Spatial localization data:
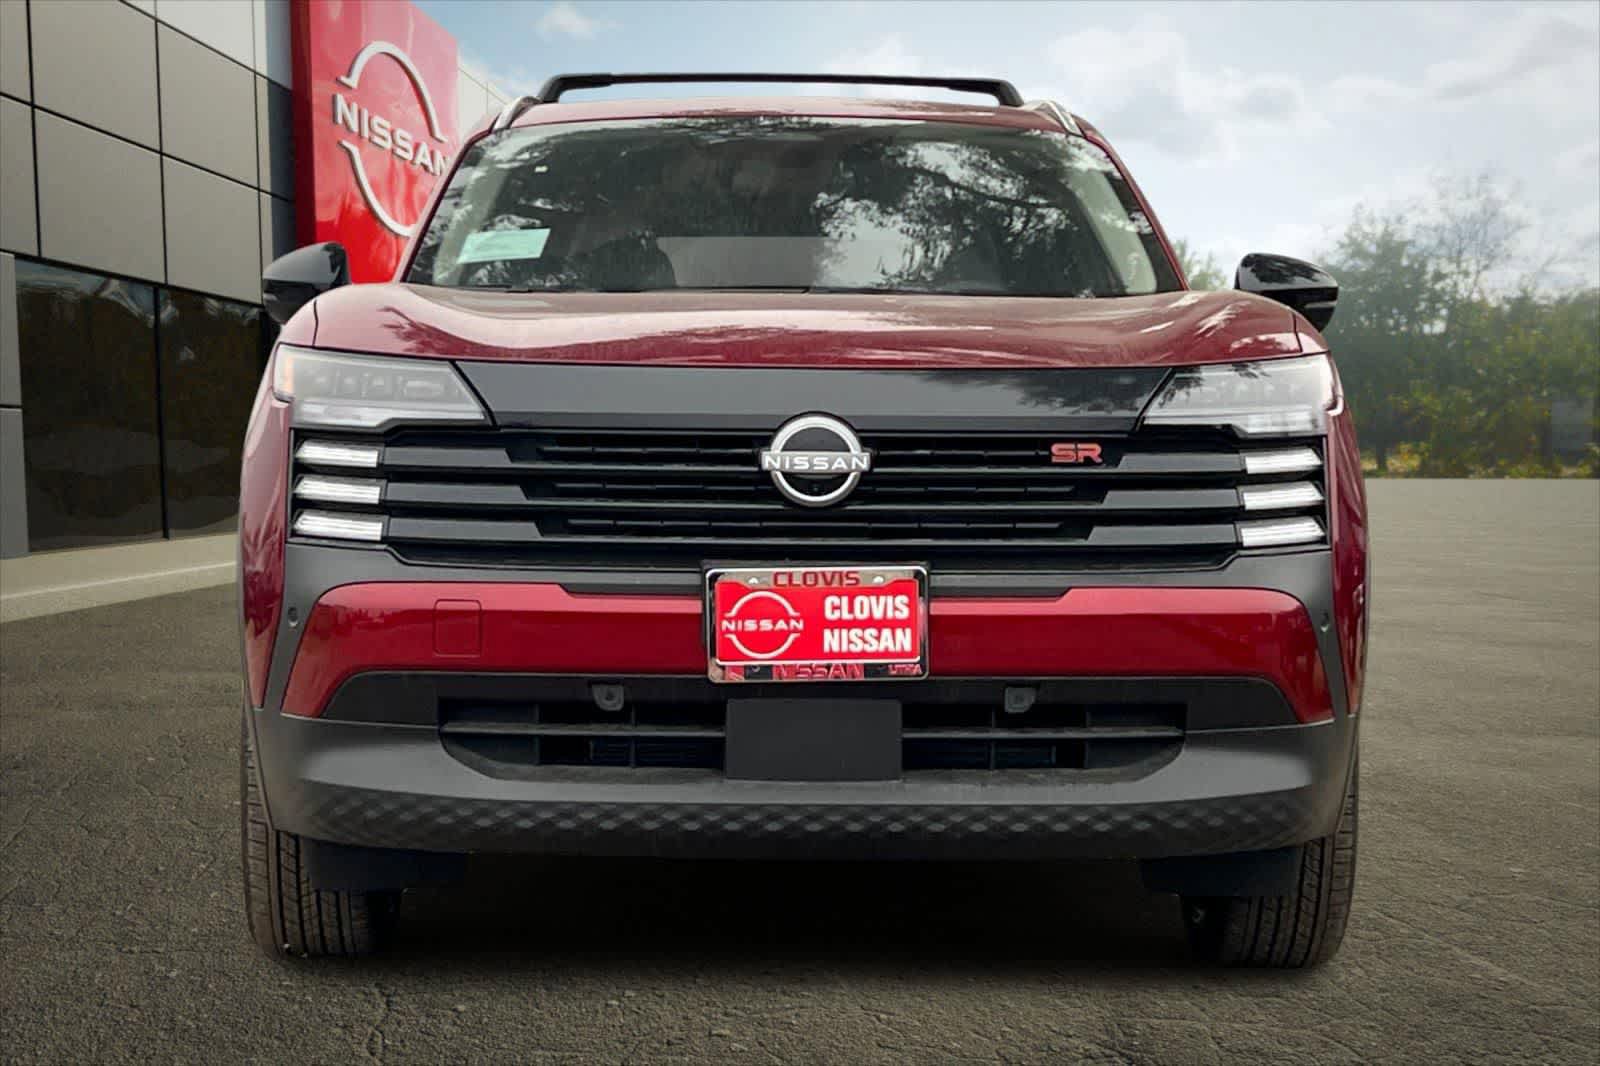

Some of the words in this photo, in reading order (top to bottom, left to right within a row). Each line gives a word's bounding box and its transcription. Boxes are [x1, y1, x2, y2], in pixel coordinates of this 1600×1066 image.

[1051, 443, 1103, 463] SR
[765, 455, 868, 470] NISSAN
[773, 571, 860, 587] CLOVIS
[824, 595, 909, 620] CLOVIS
[721, 619, 804, 632] NISSAN
[823, 628, 912, 653] NISSAN
[772, 664, 864, 680] NISSAN

THE PROBLEM: In your copy, repeat each record exactly and include no pictures.

SOLUTION FOR THIS TASK:
Some of the words in this photo, in reading order (top to bottom, left to right within a row). Each line gives a word's bounding box and its transcription. Boxes are [x1, y1, x2, y2], in pixel coordinates of this 1600×1066 image.

[1051, 443, 1103, 463] SR
[765, 455, 868, 470] NISSAN
[773, 571, 860, 587] CLOVIS
[824, 595, 909, 620] CLOVIS
[721, 619, 804, 632] NISSAN
[823, 628, 912, 653] NISSAN
[772, 664, 864, 680] NISSAN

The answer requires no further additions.